┌─ Provided material
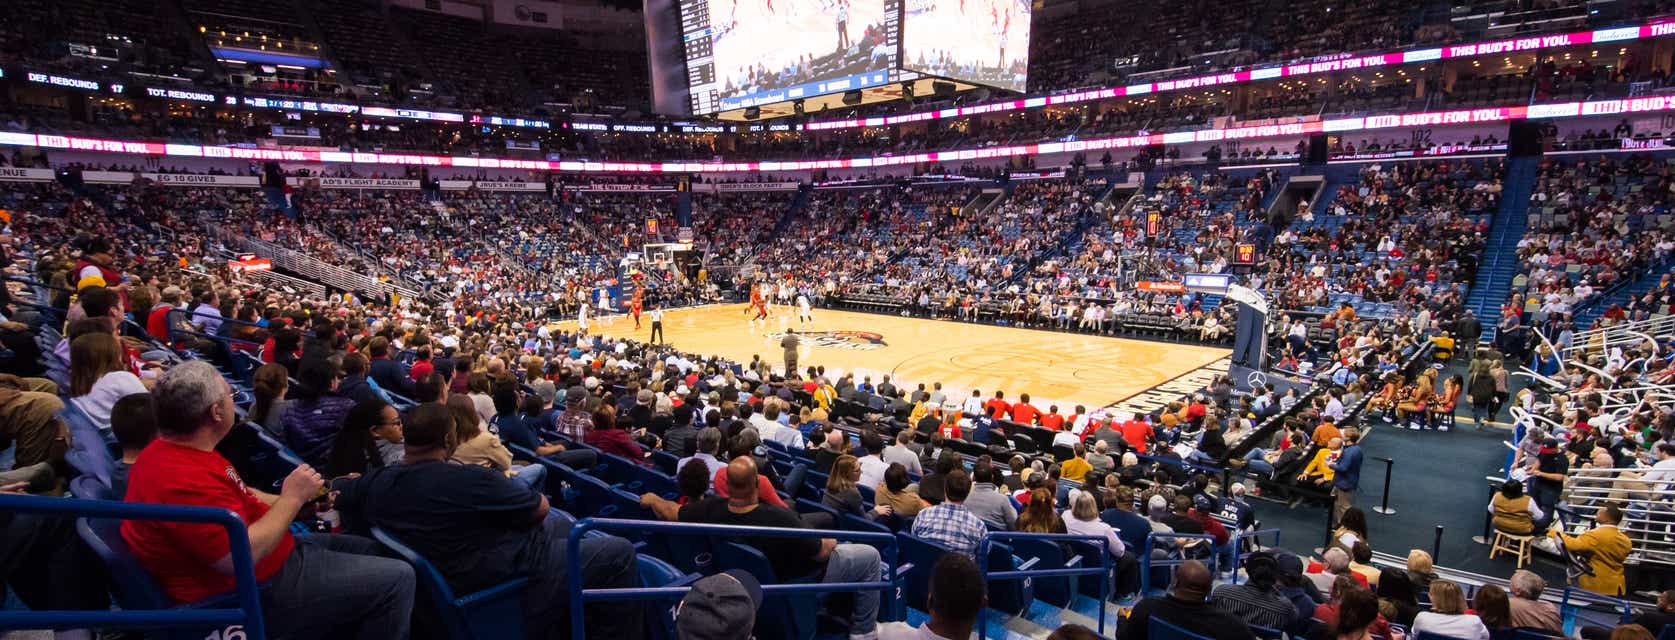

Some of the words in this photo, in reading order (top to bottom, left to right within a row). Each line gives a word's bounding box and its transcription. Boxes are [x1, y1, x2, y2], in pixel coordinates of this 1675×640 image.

[1450, 45, 1476, 57] THIS
[1478, 40, 1514, 54] BUD'S
[1516, 38, 1540, 49] FOR
[1542, 34, 1571, 47] YOU.
[1288, 64, 1310, 75] THIS
[1311, 60, 1339, 73] BUD'S
[1341, 58, 1361, 69] FOR
[1363, 55, 1387, 65] YOU.
[28, 72, 49, 83] DEF.
[49, 76, 99, 90] REBOUNDS
[111, 84, 123, 93] 17
[1157, 80, 1174, 91] THIS
[1176, 77, 1199, 89] BUD'S
[1201, 75, 1217, 86] FOR
[1218, 73, 1237, 83] YOU.
[147, 87, 167, 97] TOT.
[167, 90, 215, 102] REBOUNDS
[1050, 95, 1064, 104] THIS
[1065, 92, 1085, 103] BUD'S
[1086, 90, 1099, 99] FOR
[1100, 88, 1116, 97] YOU.
[1372, 115, 1400, 127] THIS
[1402, 113, 1442, 126] BUD'S
[1443, 110, 1470, 123] FOR
[1472, 108, 1504, 121] YOU.
[1202, 128, 1224, 140] THIS
[1225, 126, 1256, 139] BUD'S
[1257, 124, 1278, 137] FOR
[1279, 122, 1304, 135] YOU.
[1411, 128, 1432, 143] 102
[46, 136, 69, 148] THIS
[71, 138, 103, 150] BUD'S
[104, 141, 123, 151] FOR
[124, 143, 150, 153] YOU.
[1070, 141, 1086, 151] THIS
[1087, 139, 1111, 149] BUD'S
[1112, 137, 1128, 147] FOR
[1129, 136, 1150, 145] YOU.
[209, 147, 231, 157] THIS
[233, 149, 261, 158] BUD'S
[262, 150, 282, 159] FOR
[283, 151, 306, 160] YOU.
[157, 174, 170, 182] EG
[174, 174, 185, 182] 10
[187, 175, 216, 183] GIVES
[1242, 253, 1250, 261] 10
[1024, 576, 1032, 589] 10
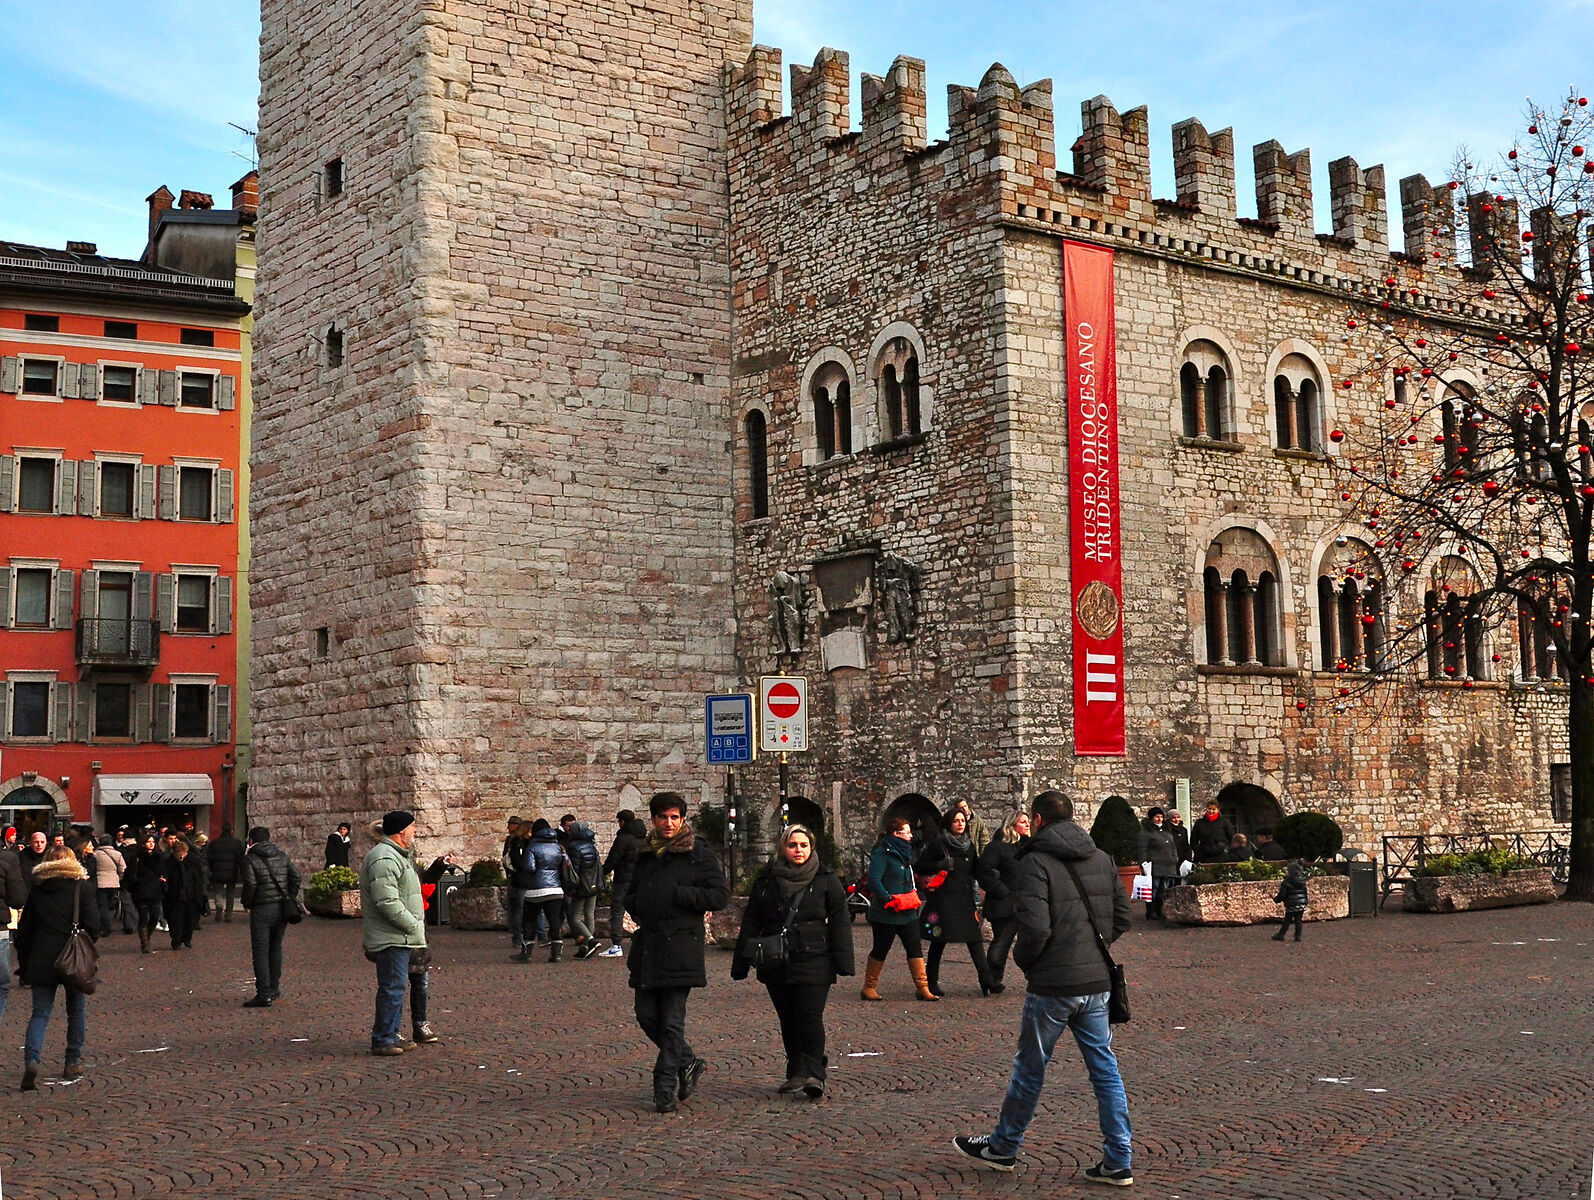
└─
◆ **Task objective**:
Each line above with the word "REBOUNDS" must be returned.

◆ **Exercise output**:
[49, 76, 99, 90] REBOUNDS
[167, 90, 215, 102] REBOUNDS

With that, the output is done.